On Sat, Jul 26, 2025 at 12:36 AM Pierre Barre <pie...@barre.sh> wrote:

> What you describe doesn’t look like something very useful for the vast
> majority of projects that needs a database. Why would you even want that if
> you can avoid it?
>
> If your “single node” can handle tens / hundreds of thousands requests per
> second, still have very durable and highly available storage, as well as
> fast recovery mechanisms, what’s the point?
>
> I am not trying to cater to extreme outliers that may want very weird like
> this, that’s just not the use-cases I want to address, because I believe
> they are few and far between.
>
> Best,
> Pierre
>
> On Sat, Jul 26, 2025, at 08:57, Vladimir Churyukin wrote:
>
> A shared storage would require a lot of extra work. That's essentially
> what AWS Aurora does.
> You will have to have functionality to sync in-memory states between
> nodes, because all the instances will have cached data that can easily
> become stale on any write operation.
> That alone is not that simple. You will have to modify some locking logic.

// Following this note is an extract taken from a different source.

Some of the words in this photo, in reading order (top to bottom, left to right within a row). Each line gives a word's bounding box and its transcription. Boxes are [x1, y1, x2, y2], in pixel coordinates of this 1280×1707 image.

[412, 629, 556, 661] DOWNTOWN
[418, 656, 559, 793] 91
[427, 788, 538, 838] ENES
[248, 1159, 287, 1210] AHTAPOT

> Most likely do a lot of other changes in a lot of places, Postgres was not
> just built with the assumption that the storage can be shared.
>
> -Vladimir
>
> On Fri, Jul 18, 2025 at 5:31 AM Pierre Barre <pie...@barre.sh> wrote:
>
> Now, I'm trying to understand how CAP theorem applies here. Traditional
> PostgreSQL replication has clear CAP trade-offs - you choose between
> consistency and availability during partitions.
>
> But when PostgreSQL instances share storage rather than replicate:
> - Consistency seems maintained (same data)

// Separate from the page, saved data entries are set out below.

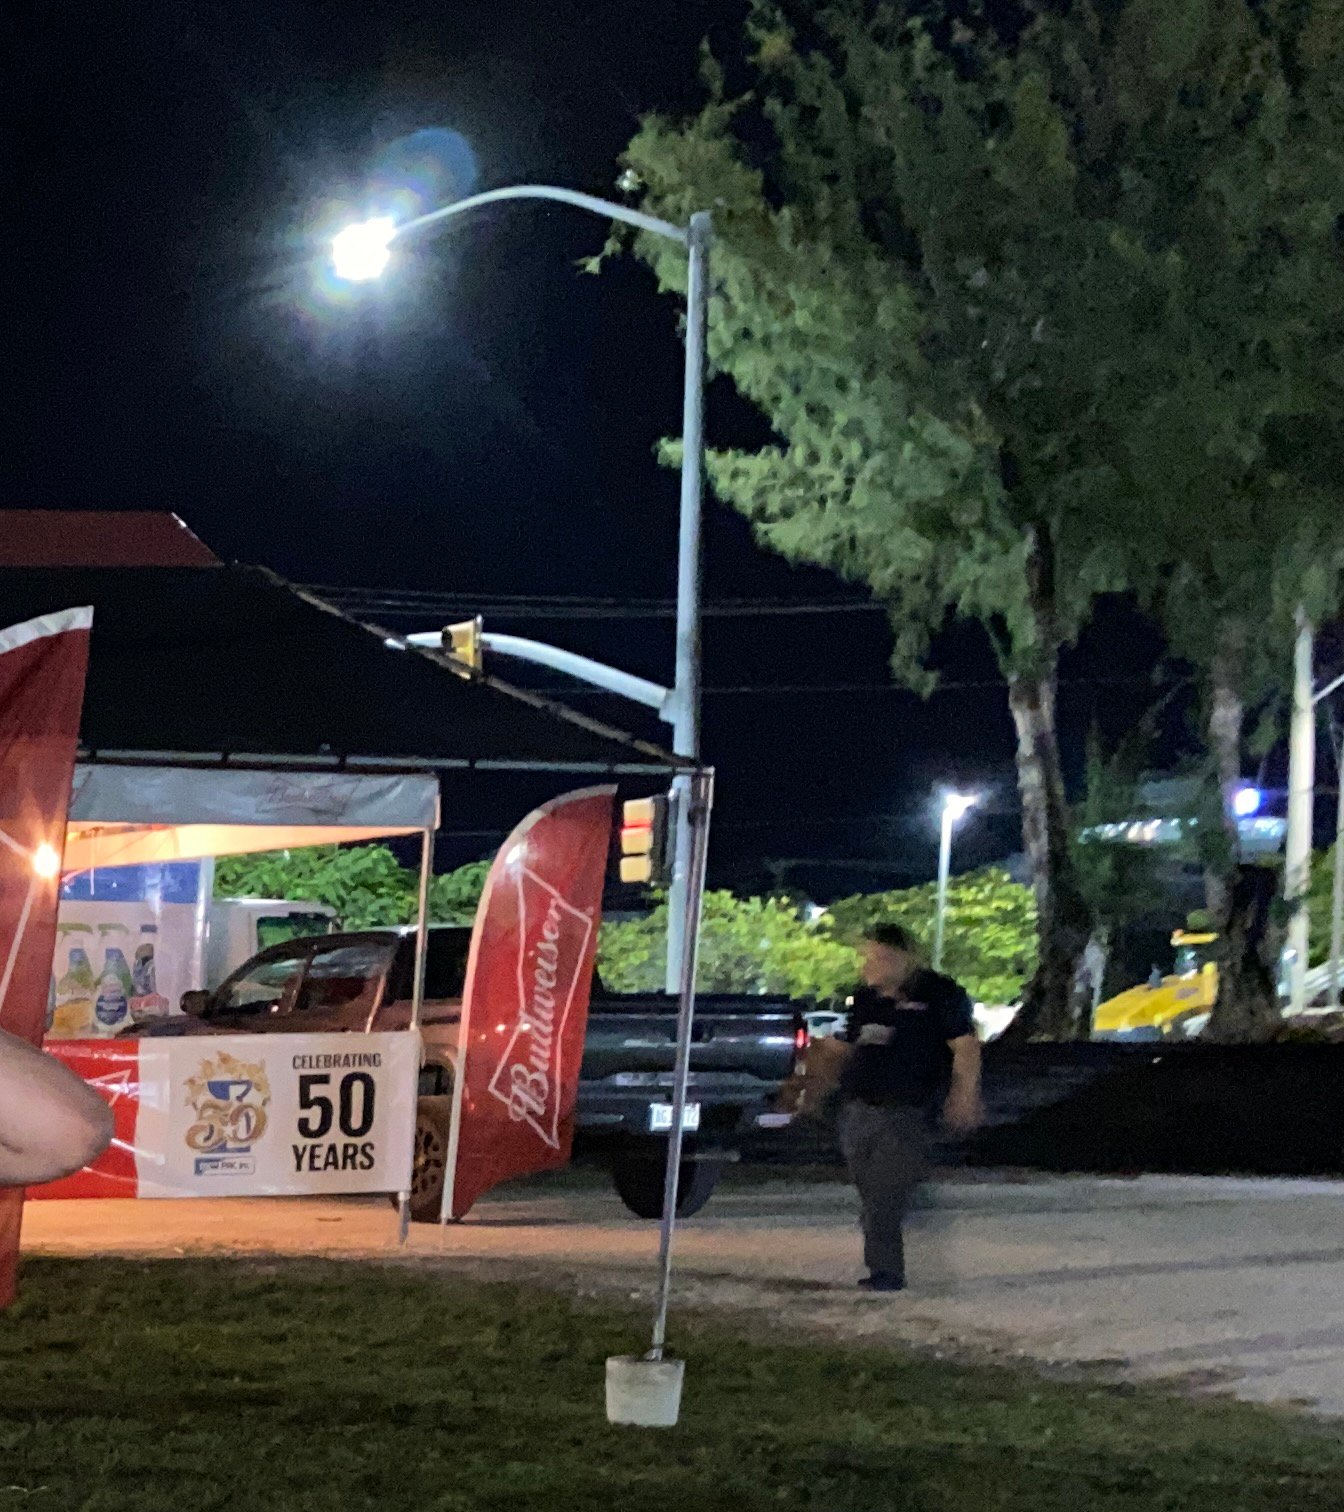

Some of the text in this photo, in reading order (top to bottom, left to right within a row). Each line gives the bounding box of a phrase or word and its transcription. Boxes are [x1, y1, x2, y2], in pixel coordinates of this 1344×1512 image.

[508, 899, 562, 1121] Budweiser
[292, 1053, 381, 1070] CELEBRATING
[297, 1071, 376, 1139] 50
[292, 1142, 375, 1173] YEARS
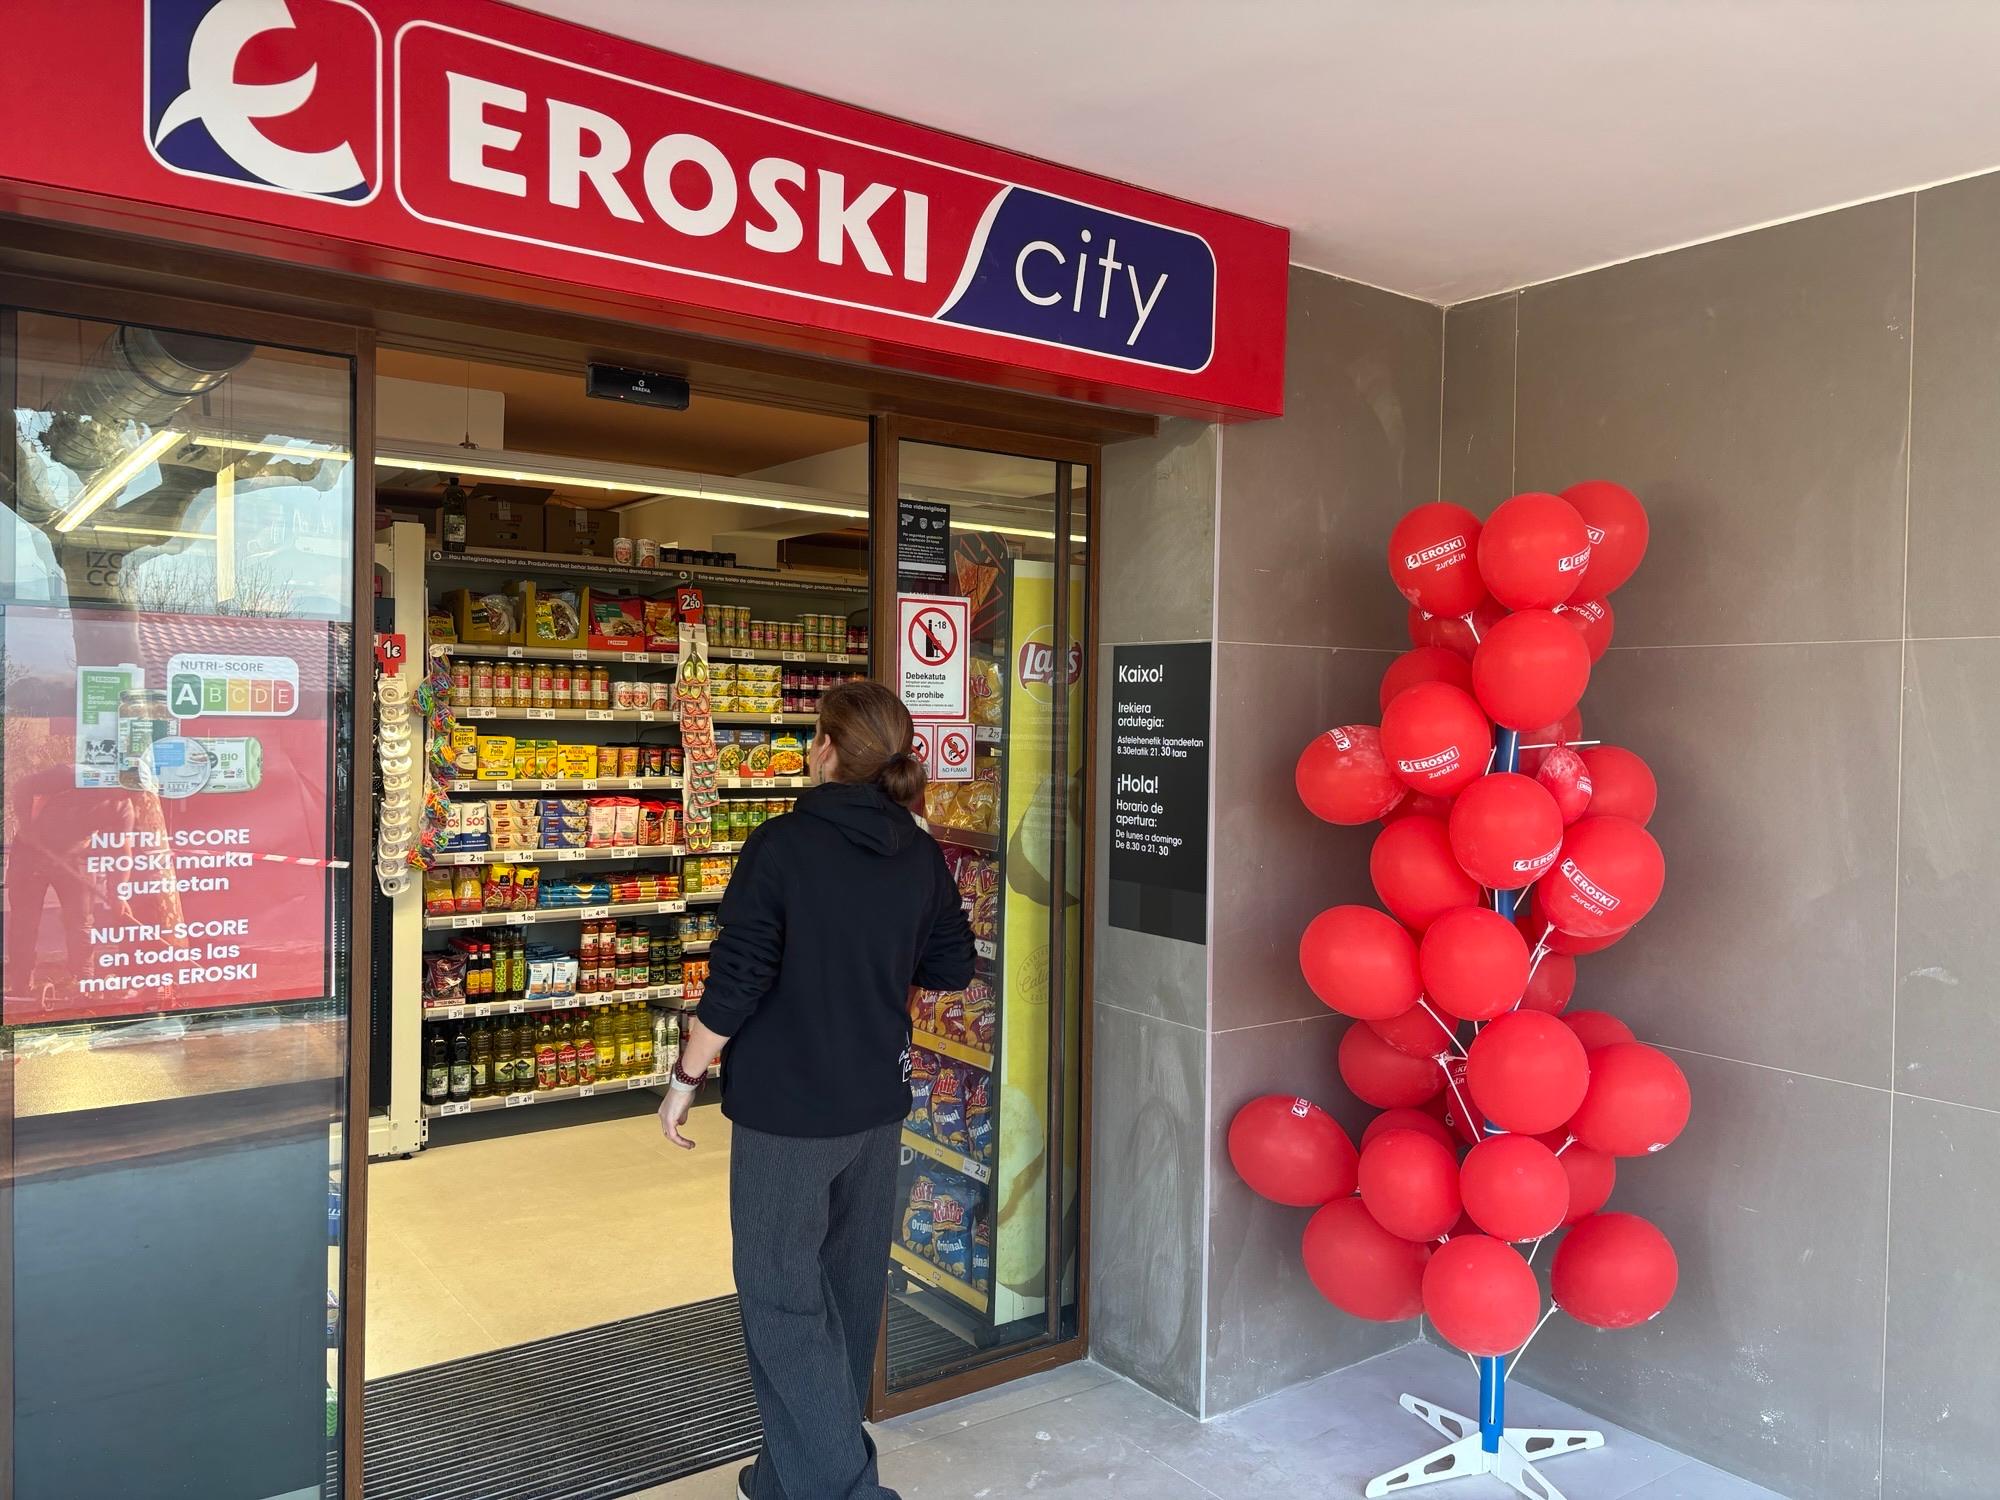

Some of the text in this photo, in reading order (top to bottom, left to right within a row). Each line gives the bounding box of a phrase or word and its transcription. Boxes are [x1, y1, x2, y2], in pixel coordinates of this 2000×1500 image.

> - Availability seems maintained (client can always promote an accessible
> node)
> - Partitions between PostgreSQL nodes don't prevent the system from
> functioning
>
> It seems that CAP assumes specific implementation details (like nodes
> maintaining independent state) without explicitly stating them.
>
> How should we think about CAP theorem when distributed nodes share storage
> rather than coordinate state? Are the trade-offs simply moved to a
> different layer, or does shared storage fundamentally change the analysis?
>
> Client with awareness of both PostgreSQL nodes
>     |                               |
>     ↓ (partition here)              ↓
> PostgreSQL Primary              PostgreSQL Standby
>     |                               |
>     └───────────┬───────────────────┘
>                 ↓
>          Shared ZFS Pool
>                 |
>          6 Global ZeroFS instances
>
> Best,
> Pierre
>
> On Fri, Jul 18, 2025, at 12:57, Pierre Barre wrote:
> > Hi Seref,
> >
> > For the benchmarks, I used Hetzner's cloud service with the following
> setup:
> >
> > - A Hetzner s3 bucket in the FSN1 region
> > - A virtual machine of type ccx63 48 vCPU 192 GB memory
> > - 3 ZeroFS nbd devices (same s3 bucket)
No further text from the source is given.